Topic: Lorenzo Lotto

Azjah

Date: 2008-05-21 22:58 EST
Lorenzo Lotto was born in 1480 and died in 1556. He was a Northern Italian painter, draughtsman and illustrator, traditionally placed in the Venetian school. He painted mainly altarpieces, religious subjects and portraits. While he was active during the High Renaissance, he already constitutes, through his nervous and eccentric posings and distortions, a transitional stage to the first Florentine and Roman Mannerists of the 16th century.
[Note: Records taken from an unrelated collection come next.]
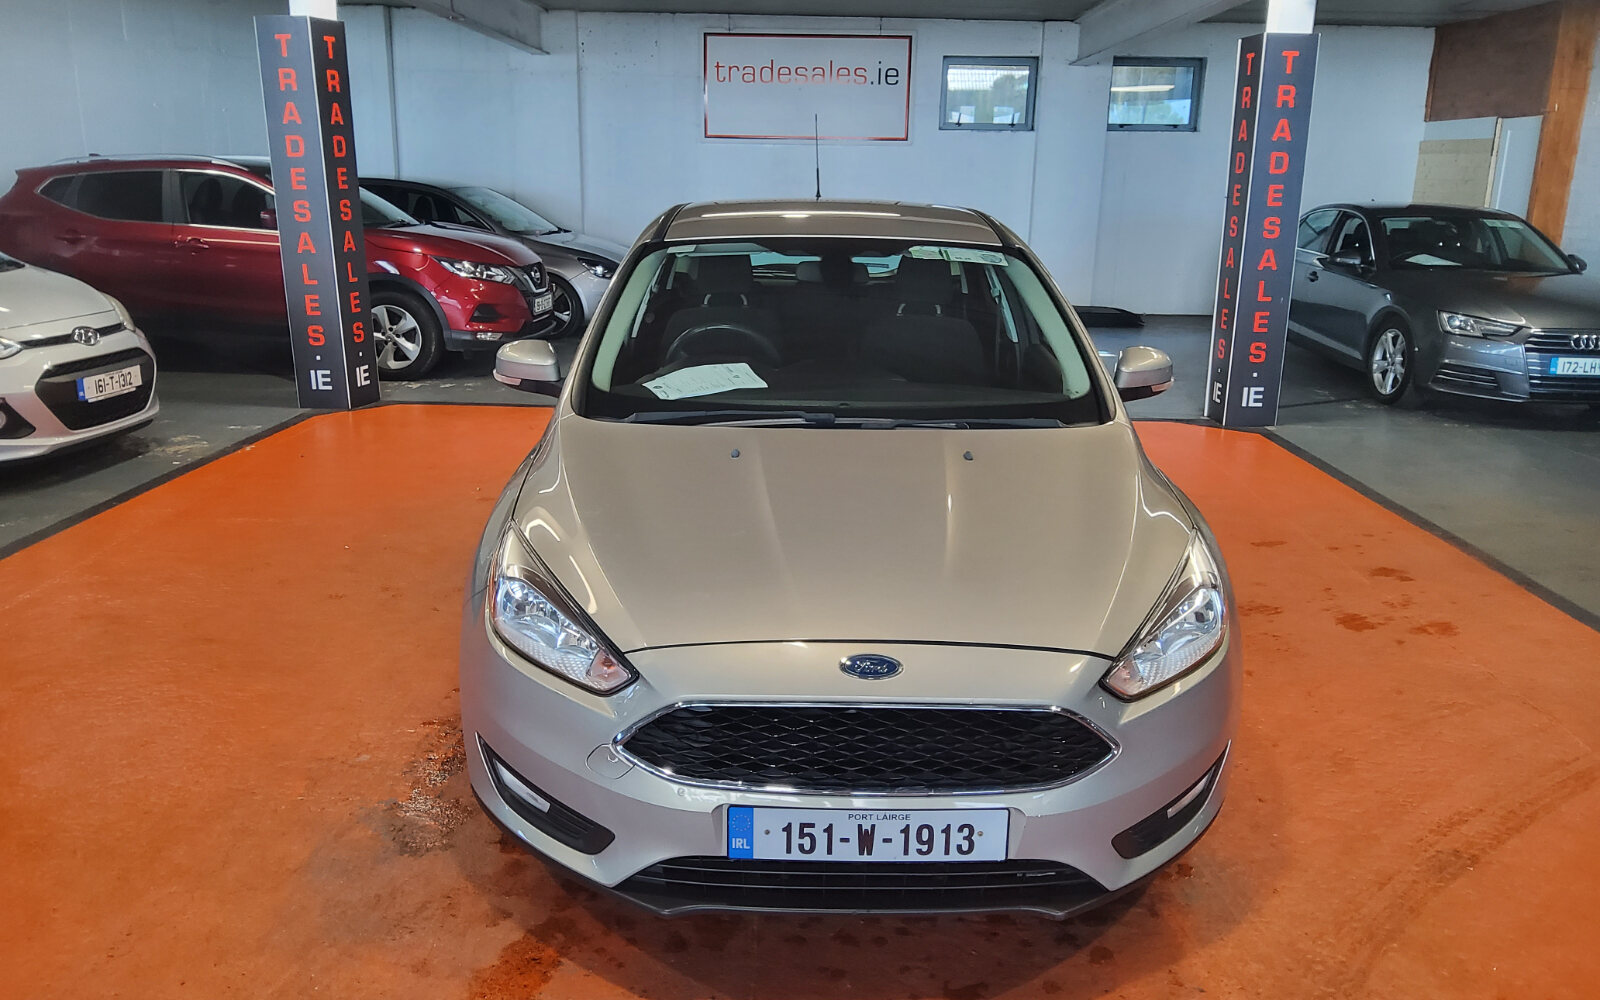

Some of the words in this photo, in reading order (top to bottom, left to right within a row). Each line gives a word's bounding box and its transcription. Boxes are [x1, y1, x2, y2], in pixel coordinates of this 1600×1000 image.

[714, 59, 899, 86] tradesales.ie
[848, 813, 873, 821] PORT
[731, 837, 751, 850] IRL
[781, 822, 976, 856] 151-W-1913
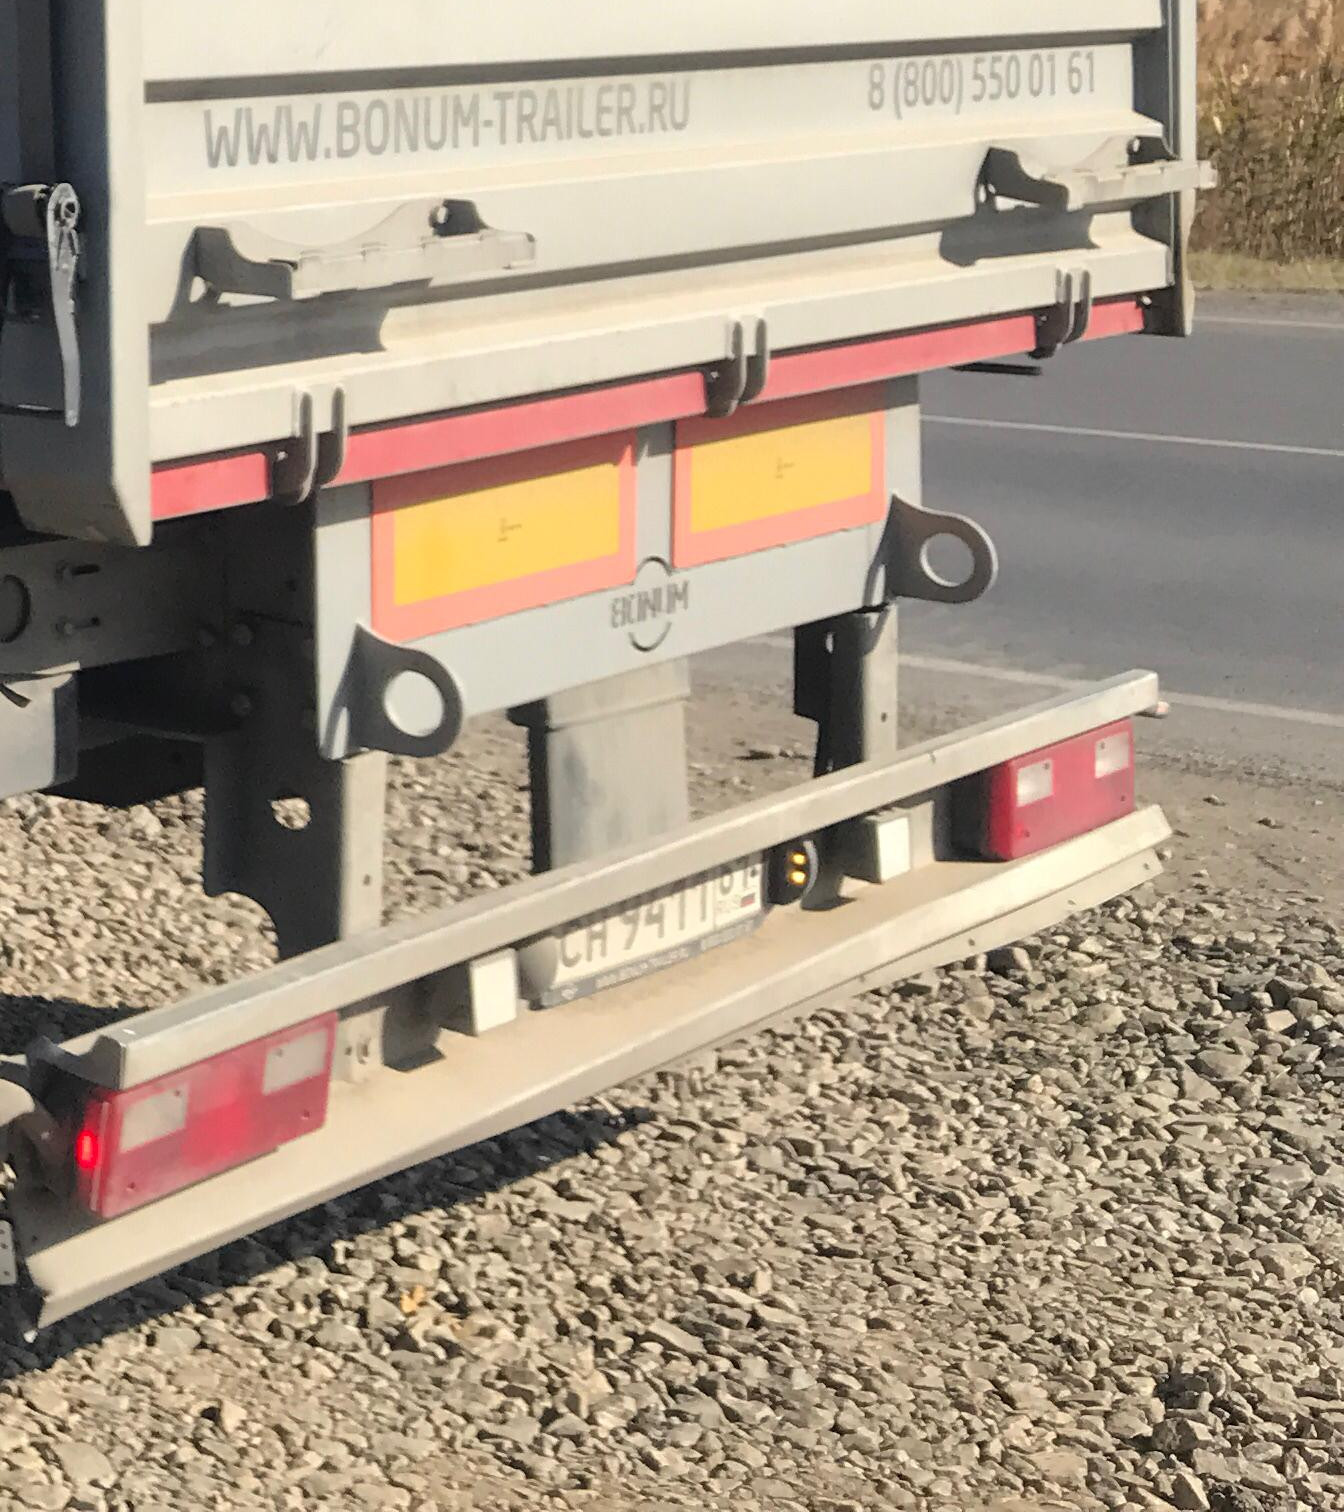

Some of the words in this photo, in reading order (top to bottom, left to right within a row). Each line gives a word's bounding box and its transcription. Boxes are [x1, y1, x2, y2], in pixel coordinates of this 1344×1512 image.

[868, 62, 886, 112] 8
[894, 58, 964, 121] (800)
[972, 54, 1022, 104] 550
[1028, 51, 1057, 98] 01
[1067, 49, 1095, 95] 61
[203, 79, 693, 169] WWW.BONUM-TRAILER.RU
[611, 580, 689, 629] BONUM
Born in Venice, he worked in Treviso (1503-1506), the Marches (1506-1508), in Rome (1508-1510), Bergamo (1513-1525), in Venice (1525-1549), Ancona (1549) and finally as a Franciscan lay brother in Loreto (1549-1556).
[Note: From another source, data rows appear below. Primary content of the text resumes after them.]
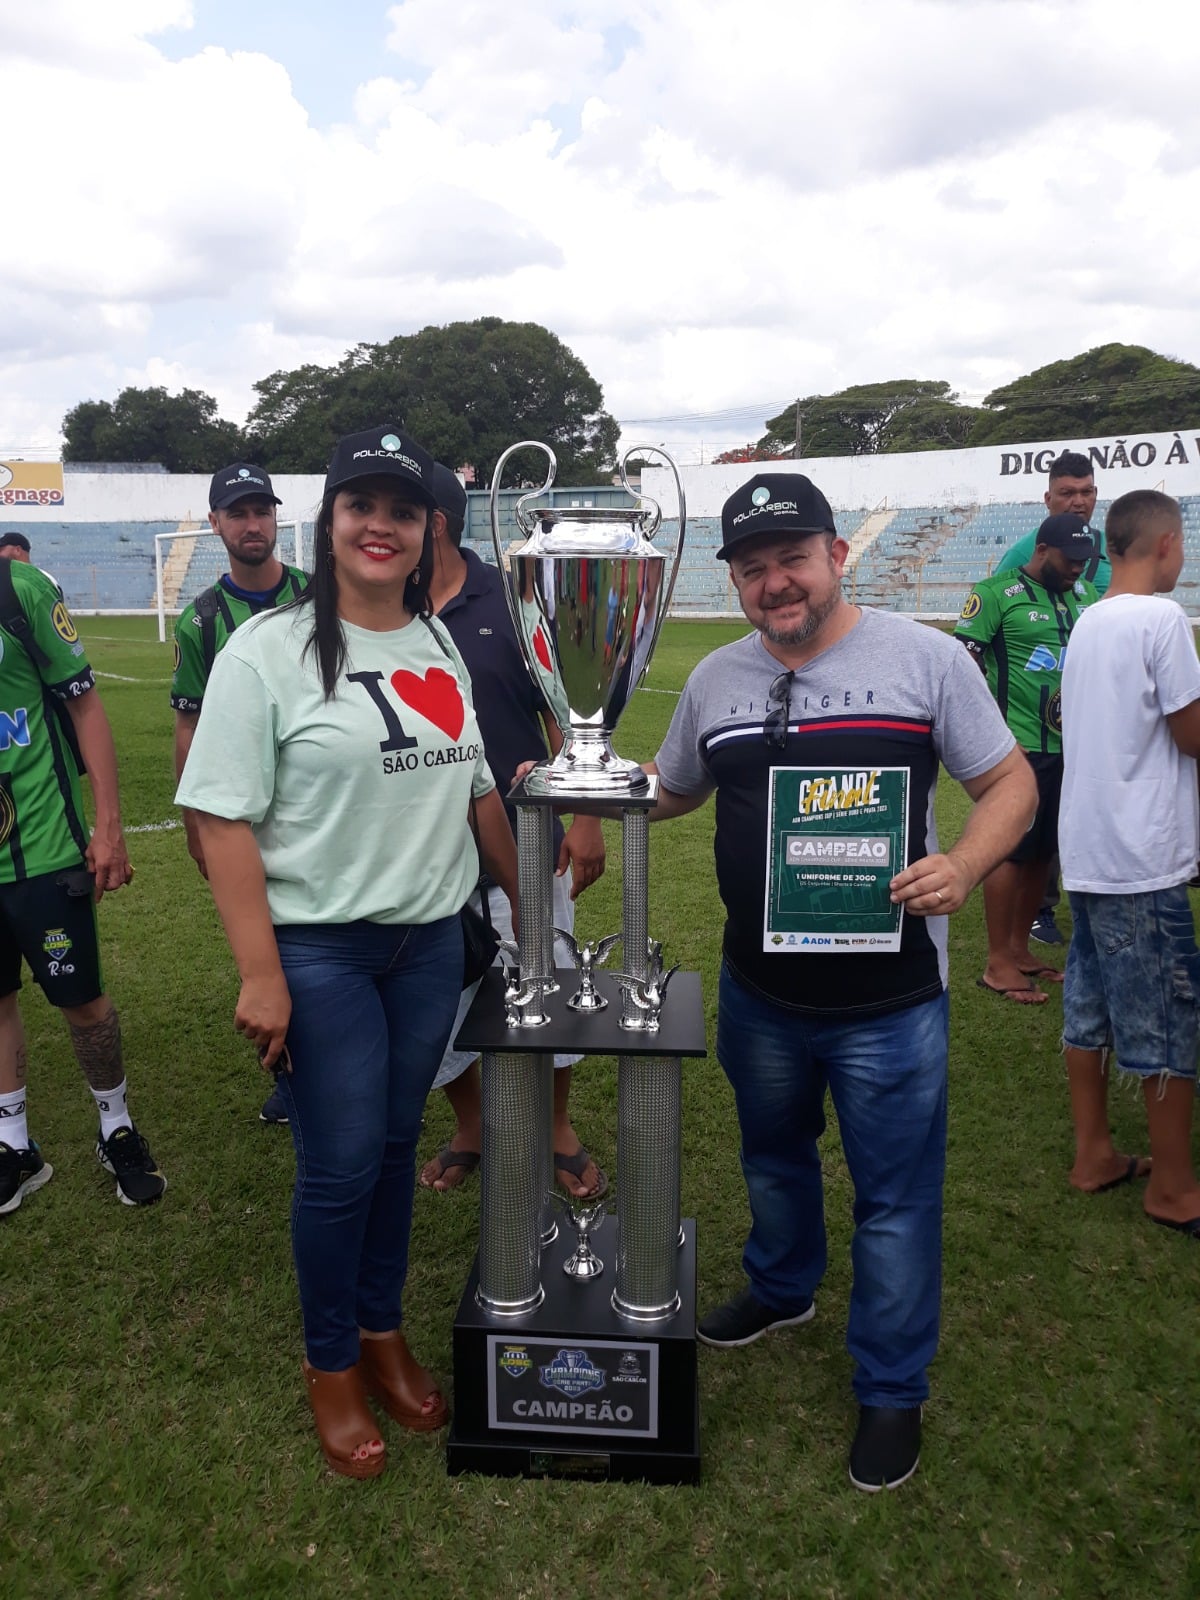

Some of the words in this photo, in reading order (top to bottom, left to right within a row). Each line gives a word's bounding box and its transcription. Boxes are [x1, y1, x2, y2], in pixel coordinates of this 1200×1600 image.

[352, 449, 422, 473] POLICARBON
[1000, 449, 1071, 476] DIG
[1087, 439, 1157, 469] NÃO
[1164, 432, 1190, 465] À
[732, 501, 798, 526] POLICARBON
[345, 670, 419, 753] I
[382, 751, 419, 775] SÃO
[423, 743, 479, 768] CARLOS
[798, 770, 881, 814] GRANDE
[789, 838, 887, 857] CAMPEÃO
[801, 873, 841, 881] UNIFORME
[854, 874, 877, 882] JOGO
[810, 937, 831, 945] ADN
[544, 1367, 601, 1382] CHAMPIONS
[512, 1399, 634, 1422] CAMPEÃO
During his lifetime, Lorenzo Lotto was a well-respected painter and certainly popular in Northern Italy. He is traditionally included in the Venetian School, but his independent career actually places him outside the Venetian art scene. He was certainly not as highly regarded in Venice as in the other towns were he worked. He had an own stylistic individuality, even an idiosyncratic style. After his death, he gradually became neglected and then almost forgotten. This could be attributed to the fact that his oeuvre now remains in lesser known churches or in provincial musea. Even the top musea of the world possess each only a few of his paintings. Thanks to the work of the art historian Bernard Berenson, he was rediscovered and acclaimed as a master at the end of the 19th century.

Young man against a white curtain (1508) on loan from the Natural History Museum, Vienna.

http://i272.photobucket.com/albums/jj171/Azjahh/Art%20Museum/LorenzoLotto_YoungMan.jpg

Allegory of Virtue and Vice, on loan from the National Gallery of Art, Washington DC

http://i272.photobucket.com/albums/jj171/Azjahh/Art%20Museum/Lorenzo_Lotto_virtueandvice.jpg

Transfiguration, oil on canvas, 300 x 203 cm, c 1512

http://i272.photobucket.com/albums/jj171/Azjahh/Art%20Museum/Lorenzo_Lottotransfifuration.jpg

Martyrdom of St. Clair, In 1524 he painted a series of frescoes with the lives of saints (such as St. Clare) in the Suardi chapel in Trescore (near Bergamo). In the details he depicts scenes of every life, such as in the fresco Martyrdom of St. Claire. In the same fresco he portrays Christ with vines sprouting from his hands, illustrating the words of the New Testament: "I am the vine, you are the branches" (John 15-5).

http://i272.photobucket.com/albums/jj171/Azjahh/Art%20Museum/Lorenzo_LottoMartyrdomofstclaire.jpg

Portrait of a young man, 1526, 47 x 37 cm, on loan from Gemaeldegalerie, Berlin

http://i272.photobucket.com/albums/jj171/Azjahh/Art%20Museum/Lorenzo_LottoPortraitofayoungman.jpg

Lucrezia, painted in 1533. On loan from the National Gallery of London

http://i272.photobucket.com/albums/jj171/Azjahh/Art%20Museum/Lorenzo_LottoLucresia.jpg

Madonna and Child, with St.Flavian and St.Onophrius (1508) oil on wood cm. 51x65 In the Madonna and Child, 1508, the young Lorenzo Lotto is influenced by D?rer, who when in Venice in 1506 had painted sacred paintings of great chromatic intensity and asymmetrical composition; Lotto's wild St. Onophrius is based on the man with the long beard in D?rer's Christ among the Doctors (now in the Thyssen Collection, Madrid).